Excerpted with emphasis:

"In a 2014 report titled “The EU’s Energy Security Made Urgent by the Crimean Crisis,” the EU Parliament outlined the challenges that lay ahead of enforcing sanctions on Russia. An interesting aspect of this report conveys salient aspects of the bloc’s decision-making. By contrasting both the short-term and long-term implications of anti-Russian sanctions on the bloc’s economy, we may discern the rationale for the EU’s decision: in the short-term, the EU would be faced with “several obstacles” linked to the construction of new import terminals, the conversion of electric plants to other energy sources, the substitution of Russian gas imports with those from Norway, Algeria, and Qatar which would result in external shocks and “recession effects” to the EU economy, while in the long-term, the sanctions promise to strengthen Europe’s security, forging trade alliances with “new countries,” increasing renewable energy production, and other means of reducing energy dependency to Russia.

The point remains that Europe restructures power balances by forcing countries into submission and drawing future resources for cheap costs. The principle governing the EU’s decision-making is that the temporary erosion of European welfare – the current security of Europe’s working classes – is meant to strengthen the bloc’s autonomy and boost European working class and capital security in the long run. The European working class continues to partner with capital since its colonial wars and it benefits from the power generated imperialist dividends. That rationale is the very same one being applied in the context of the Ukrainian conflict – that the temporary contraction of the Eurozone is meant to enhance Europe’s security and economy in the long run.

… Knowing well the consequences that bear upon its economy, namely the decoupling from Russian gas and Russian investments, it is instinctive to assume that the EU has beaten a new record for the most irrational decision-making. But arithmetic imposed on processes is misleading and considering the dynamic picture, more power garnered by Europe will resituate it at the helm of the international order. Once in power, Europe dictates to the world its terms of trade. When we consider the social aspects involved in the price formation of commodities – which in this particular context involves the sale of Russian gas for cheap prices, a decapitated Russia will sell its future gas for prices even lower than they were prior to the outbreak of the Ukraine conflict.

This is important to consider because price formation is relative to the structures of power, which emanates from the resultant of social or power relations. Market powers provide the social context in which people come to relate to one another, and thus, how the terms of exchange are legitimized. As a matter of fact, the reason why Russian gas became so cheap after the Soviet Union collapsed is owed to the ideological defeat of the Soviet ideology. The establishment of the petrodollar system in 1973 was a turning point in history which saw the US consolidate the dollar as the dominant global reserve currency, causing a severe drop in the Soviet Union’s income and affecting the bloc’s ability to sustain itself as a autonomous economy.
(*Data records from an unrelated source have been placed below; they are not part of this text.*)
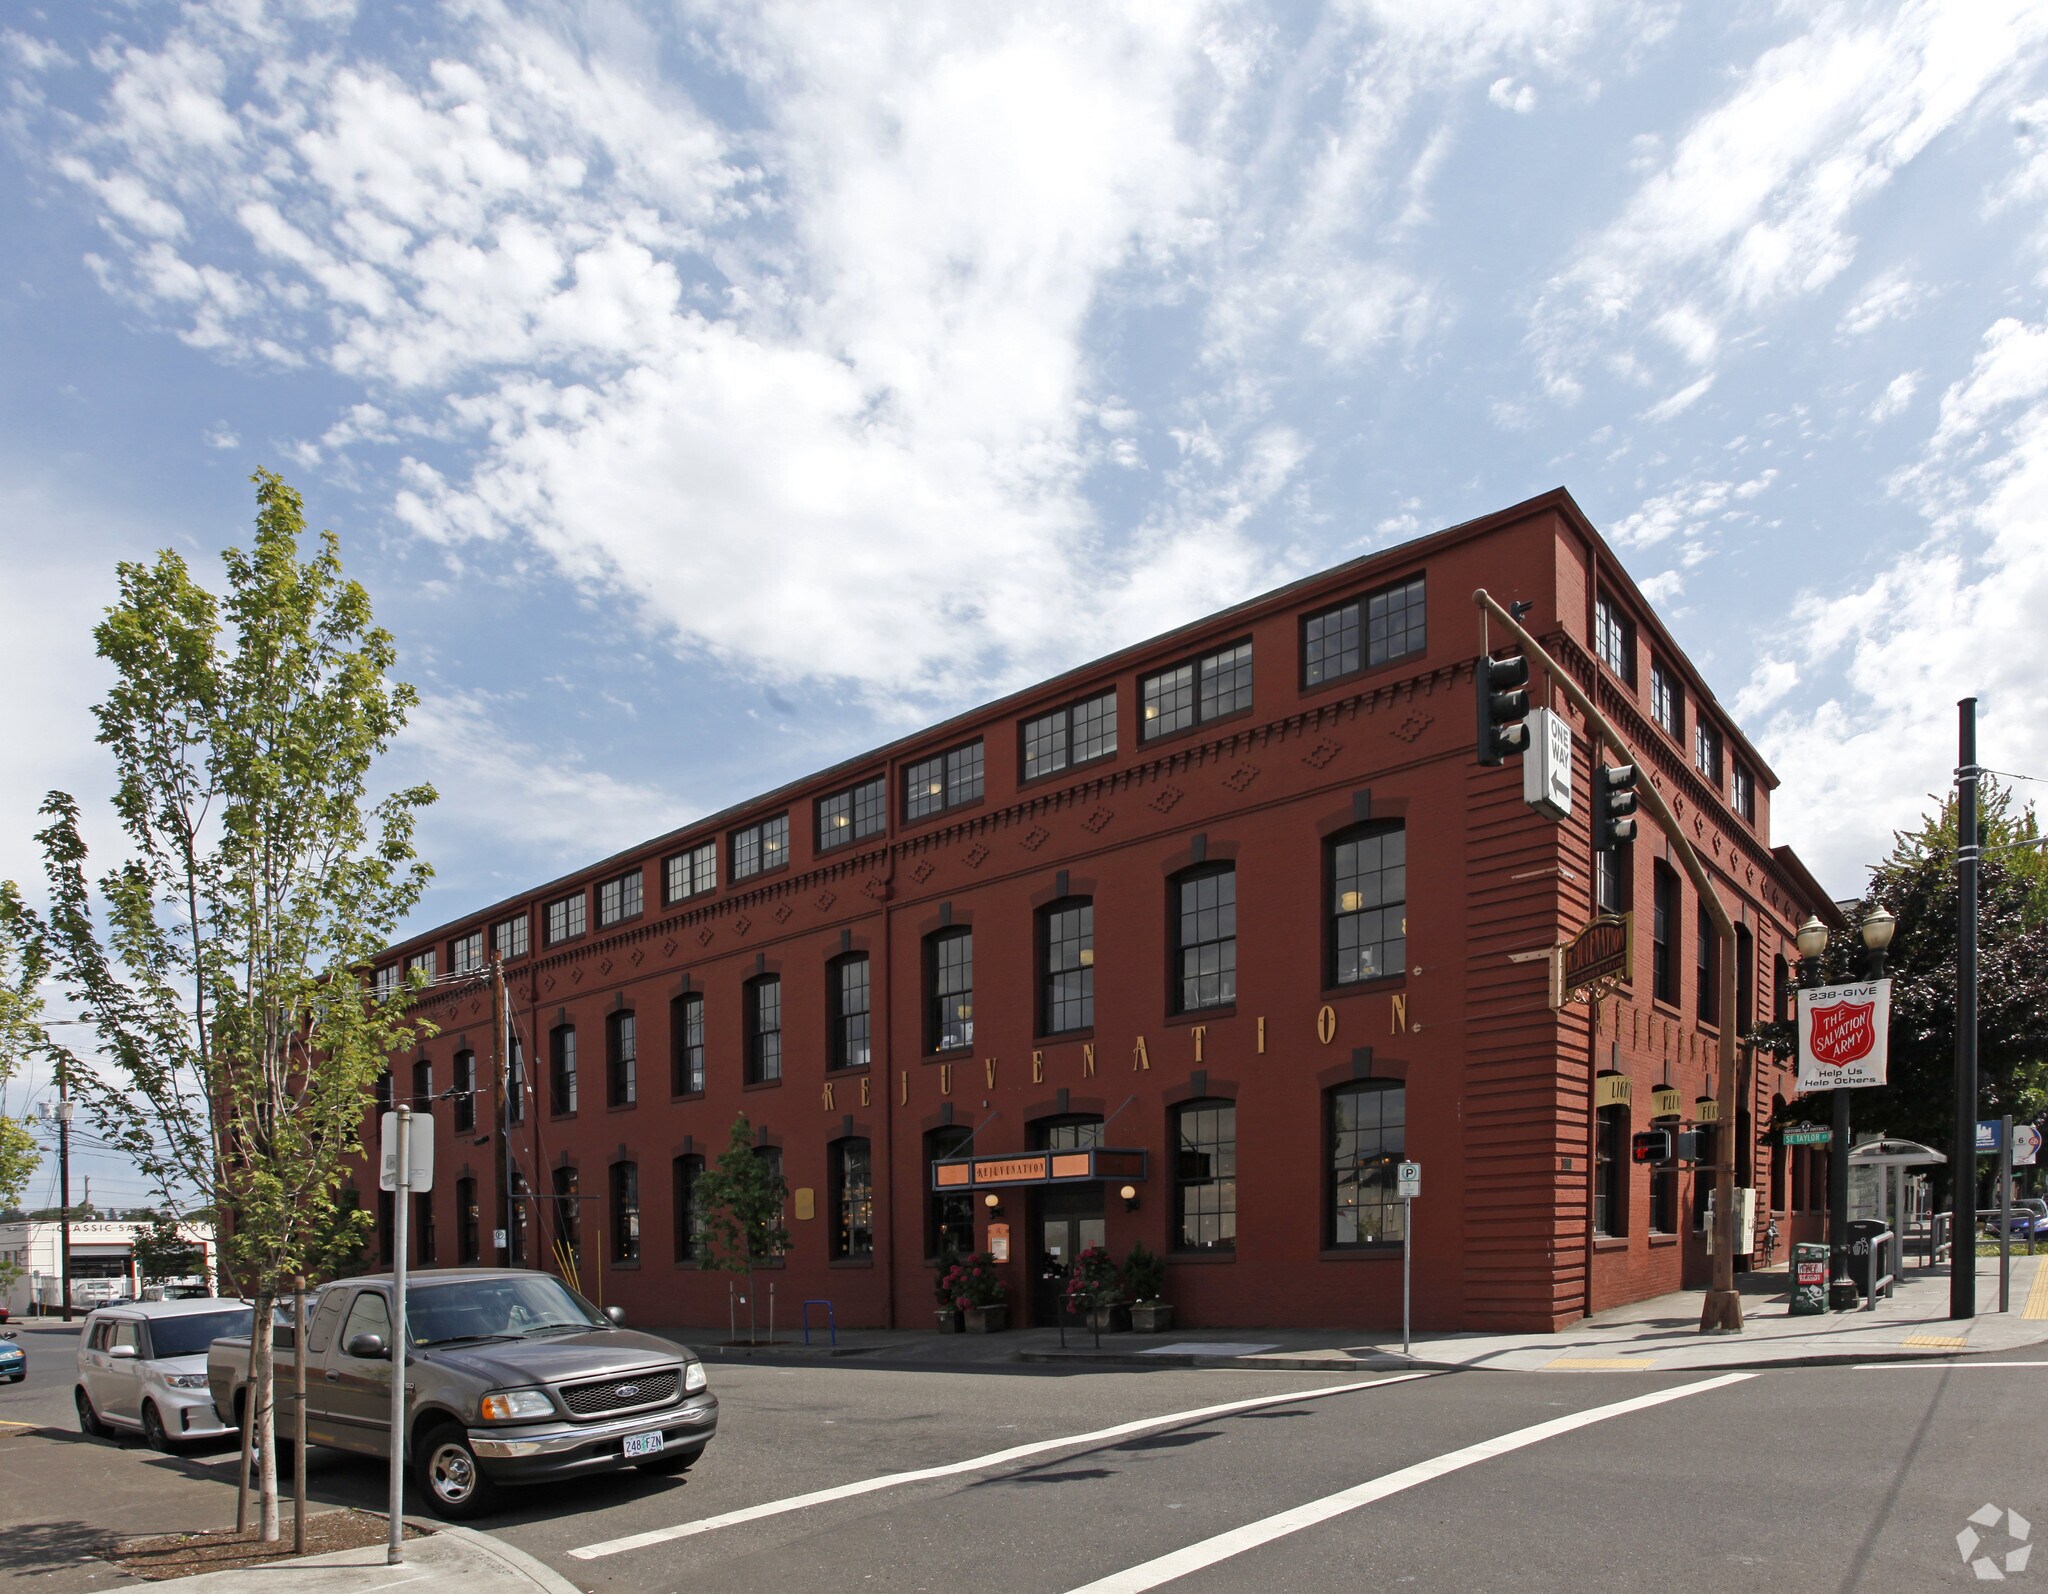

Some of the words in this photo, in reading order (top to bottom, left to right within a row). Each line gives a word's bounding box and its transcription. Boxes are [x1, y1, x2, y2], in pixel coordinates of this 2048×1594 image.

[1551, 719, 1569, 747] ONE
[1551, 740, 1569, 769] WAY
[1809, 987, 1877, 1001] 238-GIVE
[1823, 1008, 1846, 1030] THE
[1816, 1011, 1866, 1052] SALVATION
[1832, 1029, 1864, 1058] ARMY
[821, 993, 1407, 1112] REJUVENATION
[1819, 1069, 1842, 1078] Help
[1834, 1077, 1876, 1085] Others
[1785, 1135, 1794, 1143] SE
[1796, 1133, 1820, 1142] TAYLOR
[977, 1162, 1045, 1178] REJUVENATION
[1405, 1168, 1413, 1178] P
[57, 1224, 112, 1232] CASSIC
[118, 1224, 152, 1232] SAH
[626, 1439, 641, 1453] 248
[645, 1435, 662, 1449] FZN
The history of Europe provides context to how the European working class relates to the capitalists of Europe. To a large extent, the working class of Europe has always been the soldiers of the Empire. By committing crimes against humanity, colonizing peoples, pillaging their resources, and carrying out genocides and ethnocides of immeasurable scale, the European working class reproduces itself by war just as capital does.
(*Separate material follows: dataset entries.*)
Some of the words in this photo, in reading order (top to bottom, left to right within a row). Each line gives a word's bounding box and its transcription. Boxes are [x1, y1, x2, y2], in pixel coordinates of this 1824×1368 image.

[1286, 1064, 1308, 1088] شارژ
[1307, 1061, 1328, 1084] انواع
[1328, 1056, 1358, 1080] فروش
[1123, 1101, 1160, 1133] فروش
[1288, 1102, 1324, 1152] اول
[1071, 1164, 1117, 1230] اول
The EU has done well at washing the blood off its hands from centuries of looting and pillaging the South as it continues to vaunt its image of moral and cultural superiority and has done so by masterfully subjugating the discourse on human rights to serve its own ends. So much of Europe’s wealth was in fact generated by the relation of looting the South. The European working class makes a living out of killing by increasing its power and partnership with capital. But the presence of a strong Russia has always posed a threat to Western interests, especially as it holds sway over Eurasia.

With the ideological defeat of the Soviet Union and the ongoing expansion of NATO, this pattern continues to take hold in the 21st century. But with the US bearing a leadership role within the alliance, many come to view the EU as being dragged into a war that is not theirs. Whether the US is exerting pressure on the EU or not, it is a certainty that whatever decisions being made are meant to safeguard the rules-based order – an order characterized by the primacy of Western culture and civilization over that of the South, which in turn pays dividends to the European working class itself.

Simply put, it would be far off the mark to assume that the US bears full responsibility for a conflict that the EU has supposedly nothing to do with. Not only the Western alliance is all one and the same, but the imperialism-based order renders war as the only viable option against an autonomous Russia. Rivaling the primacy of the rules-based order is rivaling the terms of exchange as defined by the West, and rivaling the terms of exchange is rivaling US-EU military superiority.

The same applies in the context of waging a trade war with China. Reports have claimed that the US has been pressuring the EU to decouple from China. But neither the EU nor the US has thus far dared to initiate such a move. It is an indisputable certainty that doing so would wreak havoc on Western businesses that rely on Chinese supply chains and manufacturing power. But it is precisely this overreliance on China that the West is aiming to overturn.

Nevertheless, with resistance enacted by Russia and other global players, the prospects for a world where development would break off from waste accumulation – the production sphere of global industries that drive the destruction of the Global South – seem to be coming further in sight."